═════ EXERCISE MATERIALS ═════

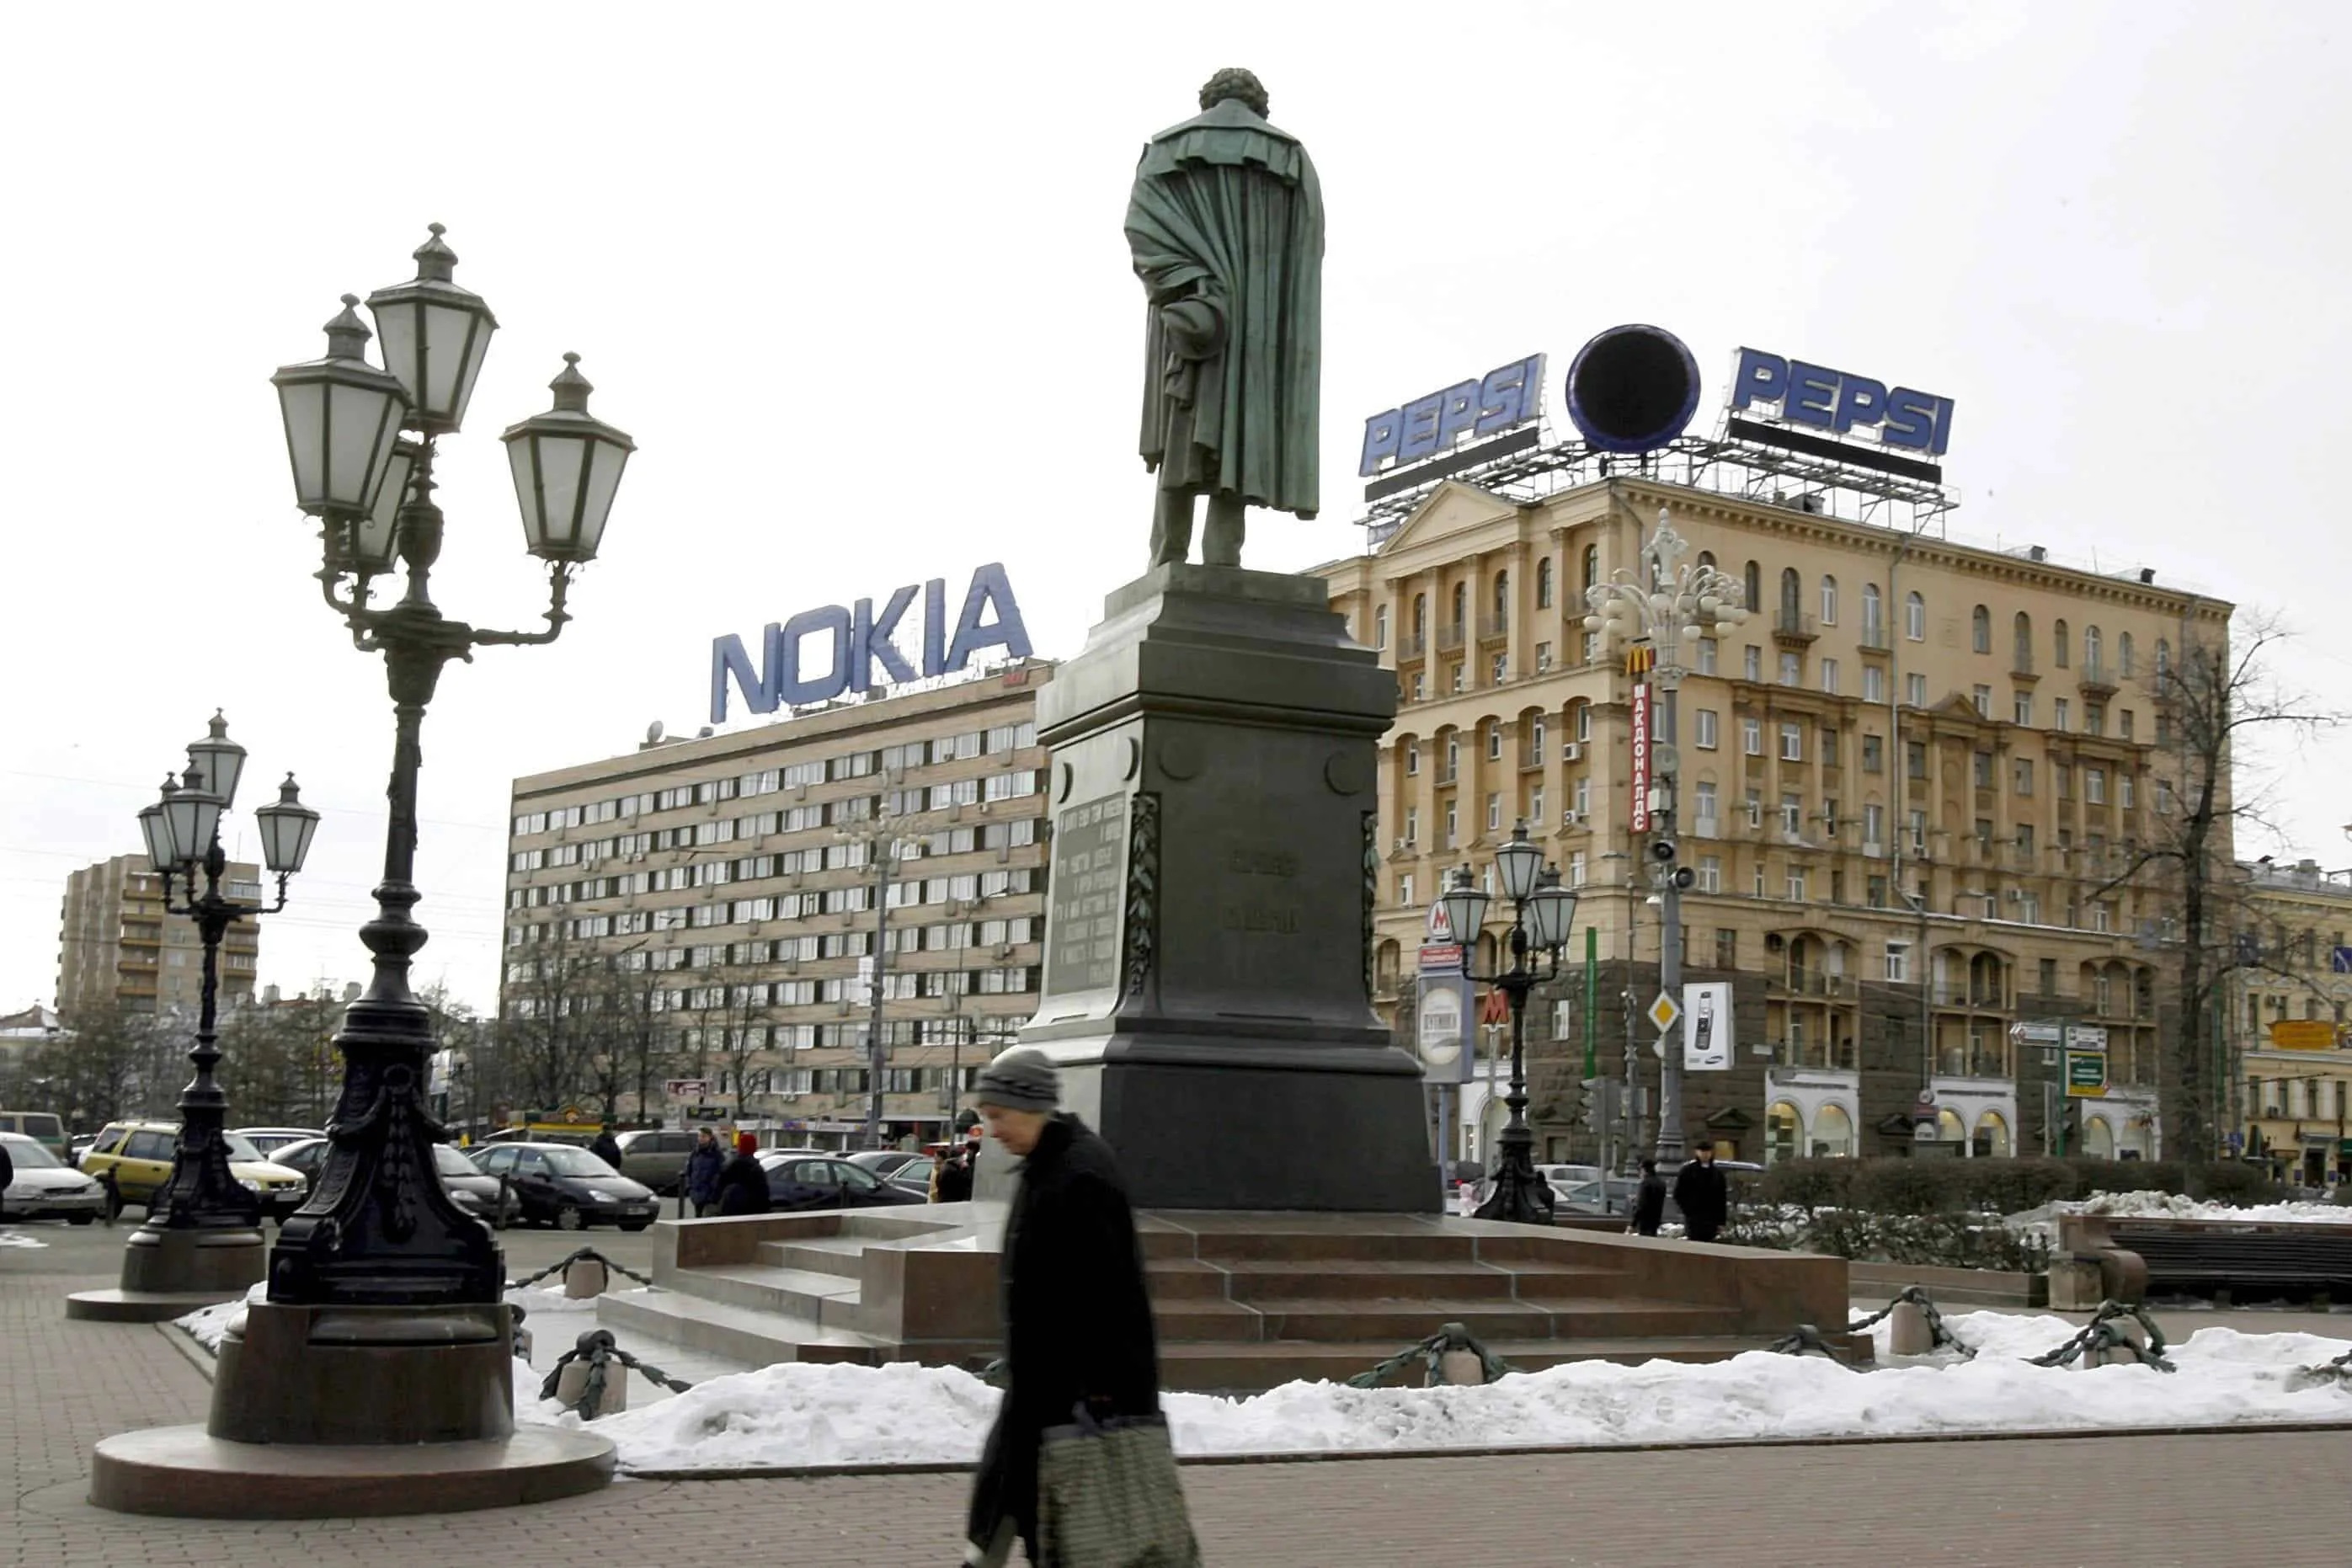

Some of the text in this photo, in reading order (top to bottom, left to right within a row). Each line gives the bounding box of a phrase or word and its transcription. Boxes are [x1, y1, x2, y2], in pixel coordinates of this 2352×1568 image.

[1358, 353, 1546, 477] PEPSI
[1735, 347, 1955, 455] PEPSI
[711, 562, 1034, 723] NOKIA
[1633, 684, 1645, 829] МАКДОНАЛДС

═════

### EXERCISE DESCRIPTION
Retype the data above as given, letting no picture into the copy.

### RESPONSE
Some of the text in this photo, in reading order (top to bottom, left to right within a row). Each line gives the bounding box of a phrase or word and its transcription. Boxes are [x1, y1, x2, y2], in pixel coordinates of this 2352×1568 image.

[1358, 353, 1546, 477] PEPSI
[1735, 347, 1955, 455] PEPSI
[711, 562, 1034, 723] NOKIA
[1633, 684, 1645, 829] МАКДОНАЛДС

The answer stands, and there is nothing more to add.